The district court's summary judgment in favor of Respondents is affirmed. Costs awarded to the Respondents.
Chief Judge GUTIERREZ and Judge MELANSON CONCUR.
Judge Pro Tem SCHWARTZMAN, ALSO SPECIALLY CONCURRING
I write specially to voice my concern regarding the gross disparity of equities that this decision may engender. The record in this case shows virtually no damage, cost, or disruption to the county courts resulting from the 72-hour absence of the defendant. Then I.C.R. 46(e)(4) provided that the court may direct that the forfeiture be set aside upon such conditions as the court may impose, if it appears that justice does not require the enforcement of the forfeiture.*fn1 Certainly, "justice" does not require the enforcement of a $150,000 bond forfeiture under the peculiar circumstances of this case.
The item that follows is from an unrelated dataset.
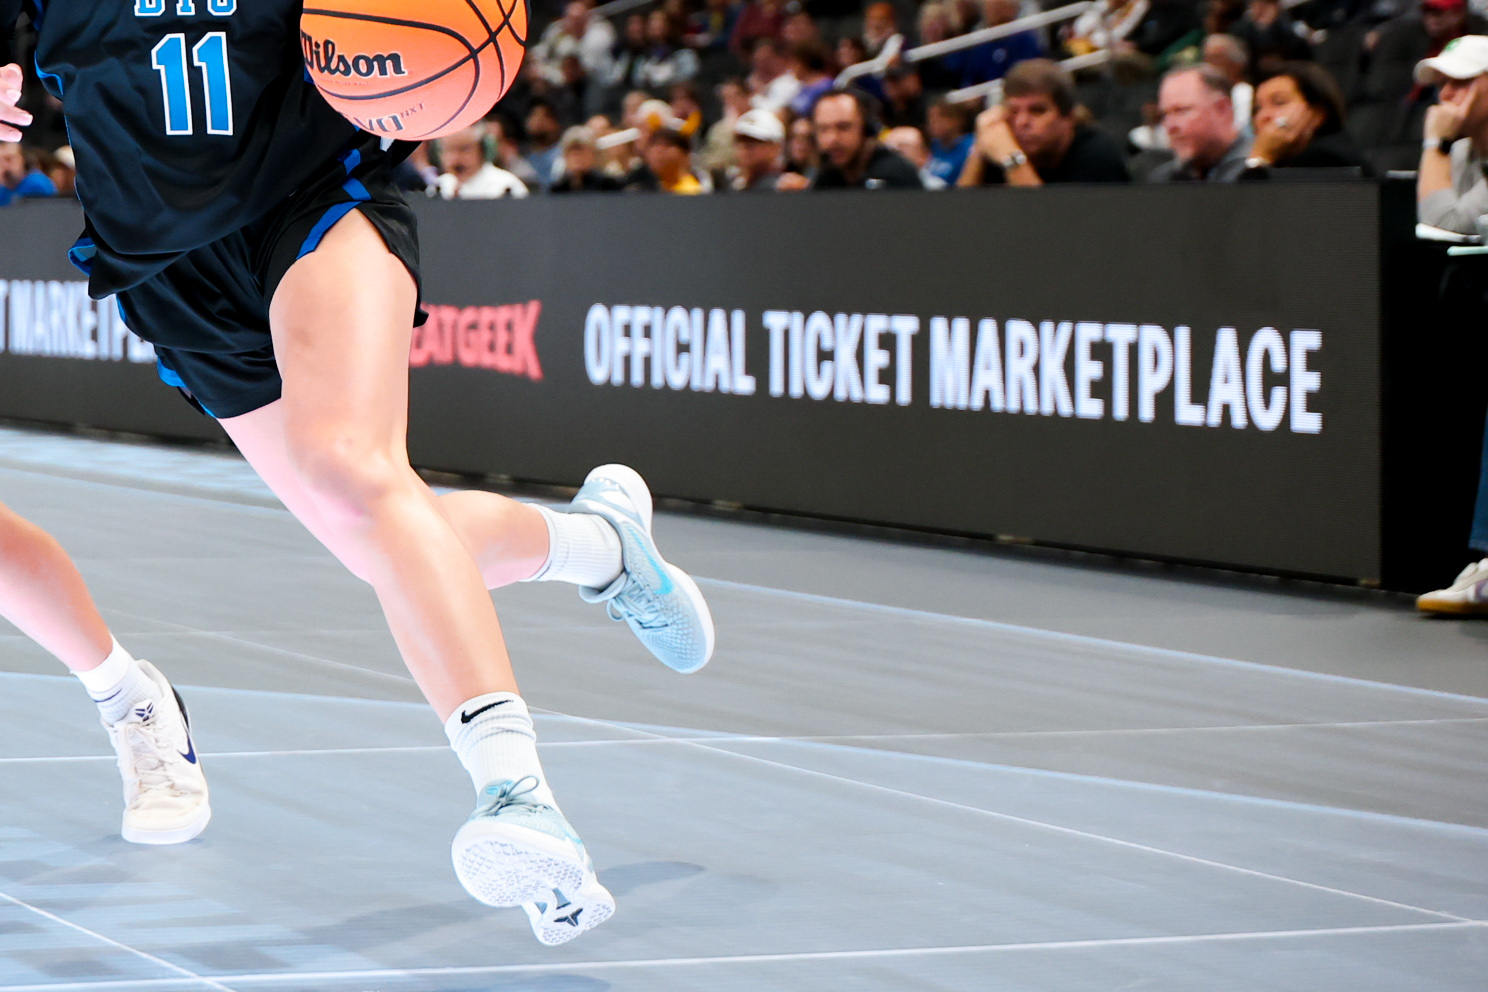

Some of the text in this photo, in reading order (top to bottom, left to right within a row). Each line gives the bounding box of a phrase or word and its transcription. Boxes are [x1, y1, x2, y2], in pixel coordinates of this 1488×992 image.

Should the State seek enforcement of the forfeiture under the provisions of I.C. § 19-2928 (2008),*fn2 it would make itself privy to an undeserved windfall where the amount of bail far exceeds any relevant costs. See State v. Quick Release Bail Bonds, 144 Idaho 651, 655, 167 P.3d 788, 792 (Ct. App. 2007). Suffice it to say, this type of anomalous situation will not happen again under current Idaho law.